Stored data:
#####

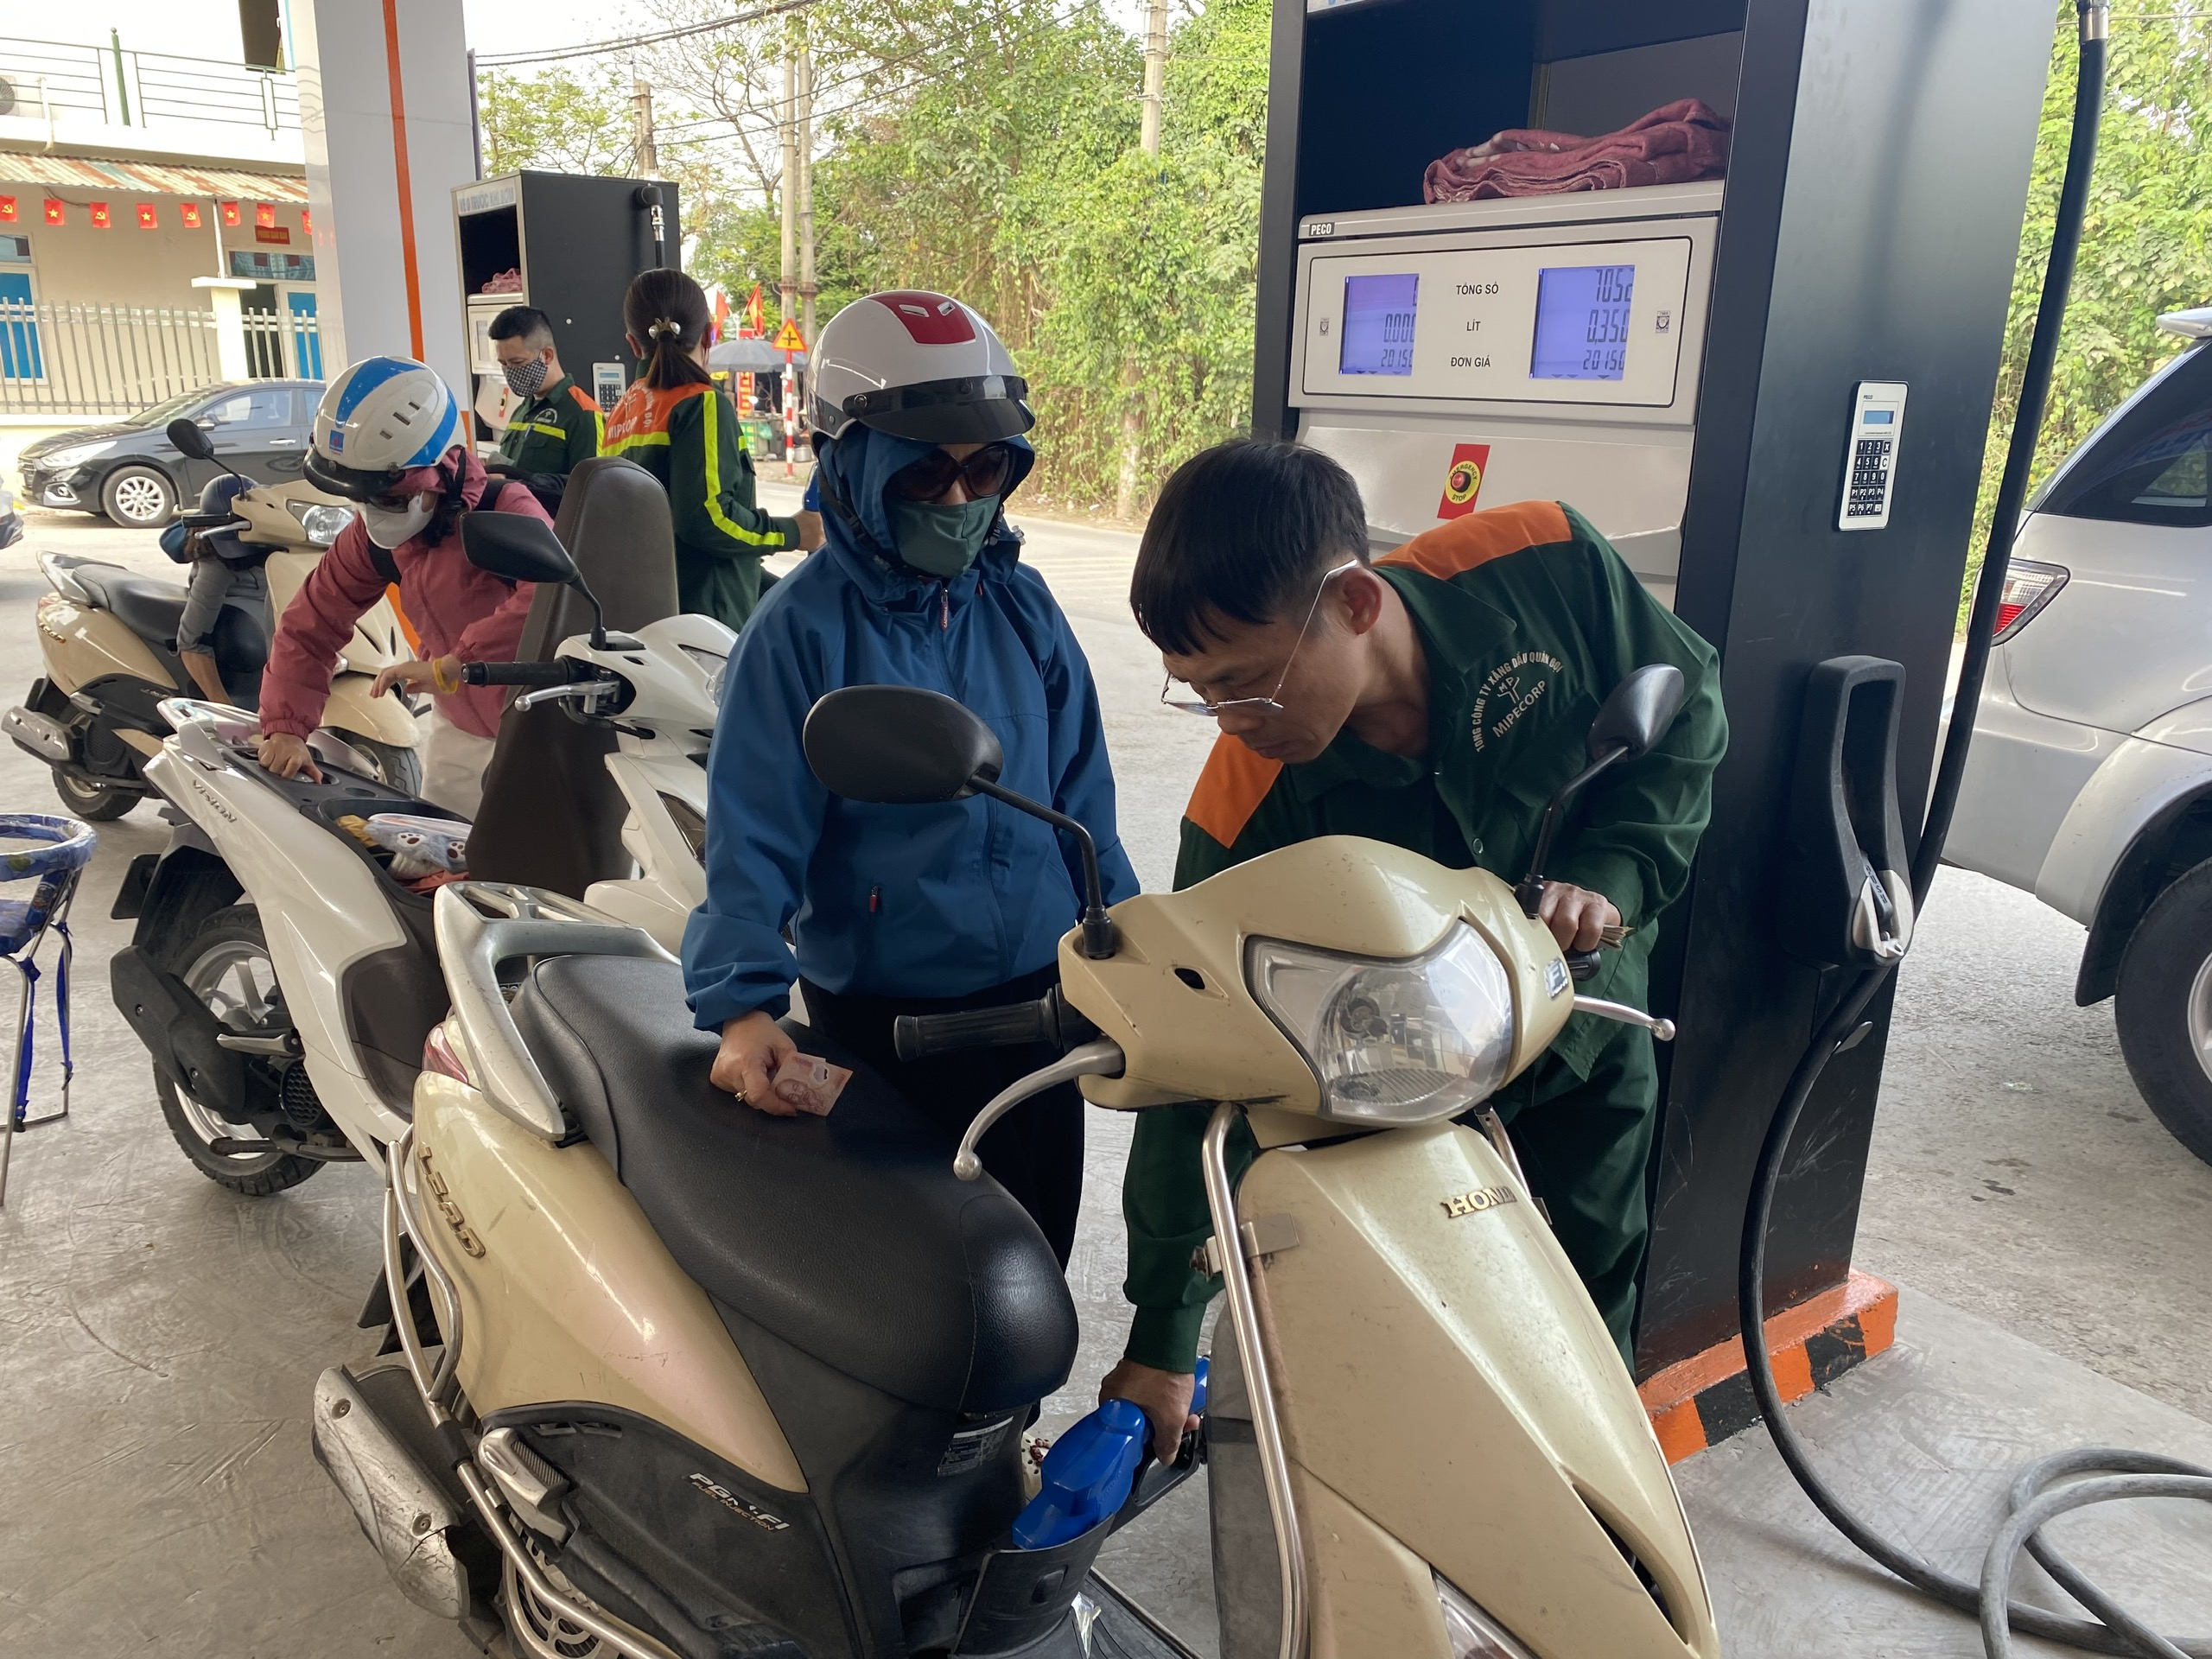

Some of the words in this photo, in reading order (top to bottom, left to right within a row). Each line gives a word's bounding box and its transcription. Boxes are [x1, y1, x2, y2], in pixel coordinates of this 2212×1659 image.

[1311, 223, 1332, 235] PECO
[1466, 318, 1481, 331] LÍT
[1474, 354, 1491, 367] GIÁ
[1882, 457, 1888, 467] C
[1452, 493, 1466, 502] STOP
[1471, 697, 1486, 725] CÔNG
[1479, 683, 1491, 696] TY
[1492, 680, 1546, 738] MIPECORP
[193, 779, 238, 823] VISION
[1866, 865, 1888, 904] PUSH
[691, 1481, 719, 1500] FUEL
[720, 1498, 775, 1531] INJECTION

#####

Problem to solve:
Without including any picture, print every record exactly as written above.

Result below:
Some of the words in this photo, in reading order (top to bottom, left to right within a row). Each line gives a word's bounding box and its transcription. Boxes are [x1, y1, x2, y2], in pixel coordinates of this 2212×1659 image.

[1311, 223, 1332, 235] PECO
[1466, 318, 1481, 331] LÍT
[1474, 354, 1491, 367] GIÁ
[1882, 457, 1888, 467] C
[1452, 493, 1466, 502] STOP
[1471, 697, 1486, 725] CÔNG
[1479, 683, 1491, 696] TY
[1492, 680, 1546, 738] MIPECORP
[193, 779, 238, 823] VISION
[1866, 865, 1888, 904] PUSH
[691, 1481, 719, 1500] FUEL
[720, 1498, 775, 1531] INJECTION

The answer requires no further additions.